Risk-free investments: yes... but!

Despite historically low interest rates, there's an unprecedented amount of money deposited in conventional savings accounts. There are several reasons for this:

  • Regulated savings accounts offer security, immediate availability of funds, a guaranteed rate of return and tax breaks since interest is generally taxed at a low or zero rate;
  • Guaranteed savings accounts are often used as a "buffer account", holding funds before they are moved into a new investment later or to receive the profits from other investments (bonds, agreed maturity accounts, etc.);
  • Finally, turmoil on the equity markets has made many reluctant to invest in the stock exchange. Instead, they prefer to keep their money safe.

However, in return for these advantages, the interest rates that savings accounts offer are very low. Worse yet, they are often lower than inflation. You may not notice it because, if you leave the money untouched, the amount shown at the bottom of your statement will increase slightly year on year thanks to interest. In reality, however, the combination of low rates and inflation means you are losing purchasing power: consumer prices are rising faster than the interest you're earning.

It really makes you wonder if it is wise to keep your money in a risk-free savings account. The answer is yes, provided you put it to good use.
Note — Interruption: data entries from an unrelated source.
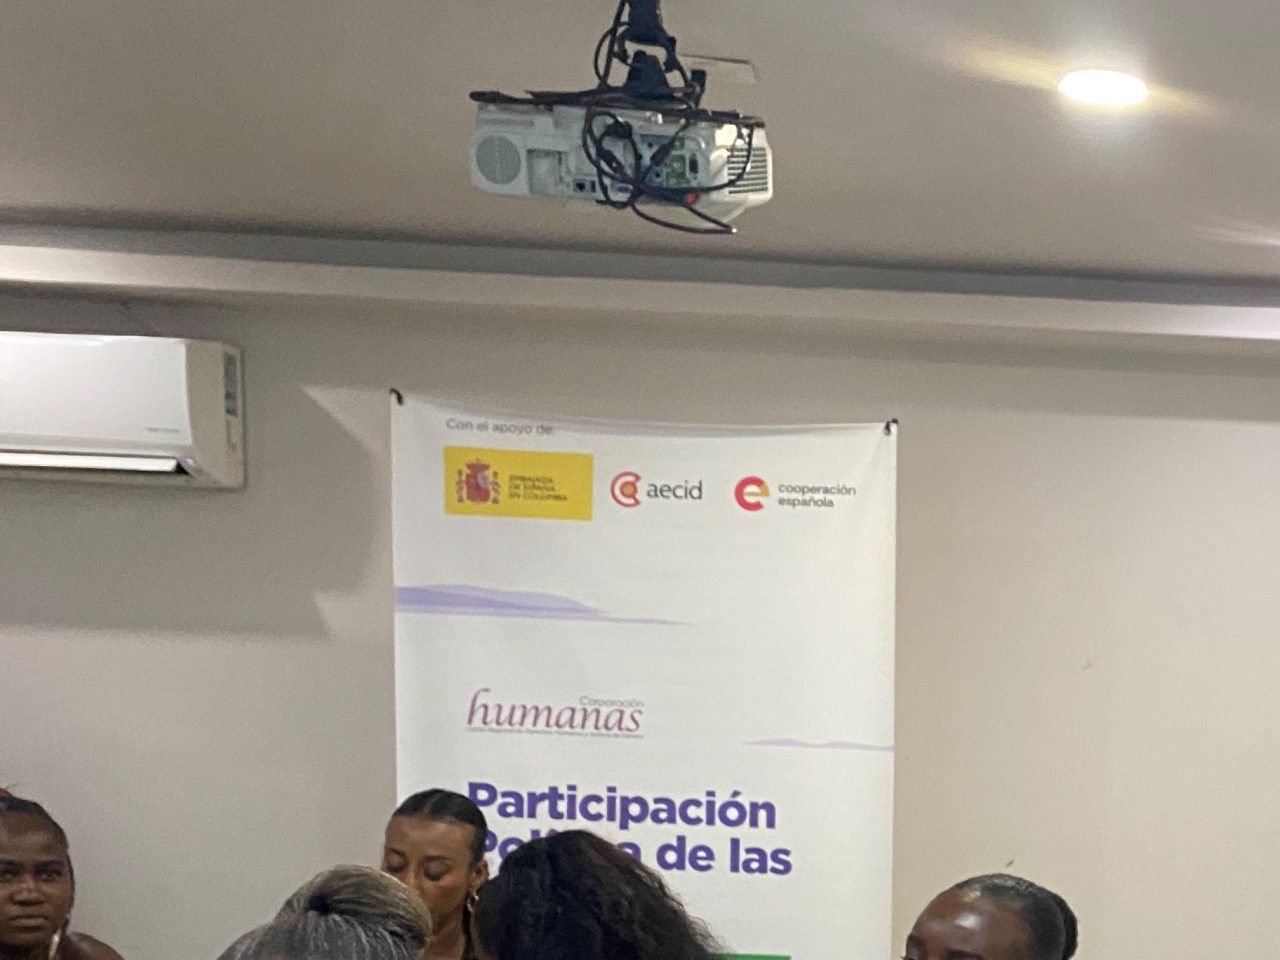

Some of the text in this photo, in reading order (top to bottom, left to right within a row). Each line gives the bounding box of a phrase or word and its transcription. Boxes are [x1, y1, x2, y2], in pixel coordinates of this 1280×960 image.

[446, 418, 474, 431] Con
[477, 420, 489, 432] el
[492, 423, 533, 435] apoyo
[646, 479, 704, 500] aecid
[778, 482, 857, 497] cooperación
[778, 495, 835, 509] española
[467, 687, 643, 733] humanas
[579, 695, 645, 708] Corporación
[468, 781, 776, 830] Participación
[656, 835, 715, 872] de
[730, 837, 793, 876] las
Indeed, savings accounts should mainly be used to build up a buffer, a financial reserve to cover an unexpected event: a washing machine or radiator breaking down or a car that needs to be repaired. Beyond this need, it is advisable to invest in other, riskier investment vehicles. And Birdee encourages you to do so! We're here to guide you. Investing has never been easier.

Investing can carry a certain level of risk. But what is risk at the end of the day?
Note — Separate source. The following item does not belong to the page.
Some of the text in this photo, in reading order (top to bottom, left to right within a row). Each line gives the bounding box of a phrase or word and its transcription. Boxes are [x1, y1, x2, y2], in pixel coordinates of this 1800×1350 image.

In simplified terms, when it comes to an investment, risk means market liquidity or price fluctuations that may lead to a loss of capital. In other words, when you sell your securities, the price you get may be lower than when you bought them. A risky investment, therefore, offers an attractive potential return but, at the same time, also carries one or more risks.
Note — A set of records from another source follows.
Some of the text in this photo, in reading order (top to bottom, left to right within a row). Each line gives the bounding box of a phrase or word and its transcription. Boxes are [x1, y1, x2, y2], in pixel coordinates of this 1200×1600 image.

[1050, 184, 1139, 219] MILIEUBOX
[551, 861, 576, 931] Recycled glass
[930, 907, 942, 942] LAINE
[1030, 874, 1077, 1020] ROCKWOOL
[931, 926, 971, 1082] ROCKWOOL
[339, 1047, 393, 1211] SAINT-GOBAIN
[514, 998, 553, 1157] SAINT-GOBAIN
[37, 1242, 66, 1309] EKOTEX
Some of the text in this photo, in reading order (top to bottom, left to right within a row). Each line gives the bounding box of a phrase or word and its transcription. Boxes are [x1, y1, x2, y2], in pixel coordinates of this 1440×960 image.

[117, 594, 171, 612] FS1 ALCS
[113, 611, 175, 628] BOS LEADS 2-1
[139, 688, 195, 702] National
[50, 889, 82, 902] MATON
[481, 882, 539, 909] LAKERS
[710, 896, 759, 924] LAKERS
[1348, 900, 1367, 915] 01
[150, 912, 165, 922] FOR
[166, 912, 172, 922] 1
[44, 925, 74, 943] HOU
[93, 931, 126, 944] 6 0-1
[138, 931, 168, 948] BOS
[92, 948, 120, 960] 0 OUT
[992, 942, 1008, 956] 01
Depending on the type of investment, you may face a loss of capital, your funds being locked in, high volatility, etc. In investment terms, return is therefore closely linked to risk-taking. This is known as the risk/reward ratio: the greater the risk, the greater the potential return.

However, this principle must be put into perspective by taking into account the duration of the investment. Over the long term, most investments prove fruitful, smoothing out the ups and downs. Investments in the stock exchange are perhaps the best example. It is extremely risky to buy stocks today and expect to make a capital gain in a few days or weeks (that's speculation). On the other hand, investing now and aiming for a positive return in 5 or 10 years is far more reasonable and attainable.

A risky investment is not necessarily doomed to failure

If that were the case, the stock exchange, securities accounts, unit-linked life insurance, crowdfunding, rental real estate... none of these options would exist!

Of course, the risk of capital loss cannot be eliminated entirely, but it can kept within limits by taking a few precautions:

  • Only invest after you have built up savings buffer;
  • Take the time to study potential investments and understand how they work;
  • Choose vehicles based on your goals and experience;
  • Diversify your portfolio by choosing different types of investments, different economic sectors or geographical areas, etc. (don't put all your eggs in one basket);
  • Favour long-term

In conclusion, risk can be your "ally" as long as you put a number of safeguards in place. Shape your investments to your needs and where you are in life. Birdee can support you in this process by offering pre-diversified investments, adapted to your profile and goals, in a simple and transparent manner.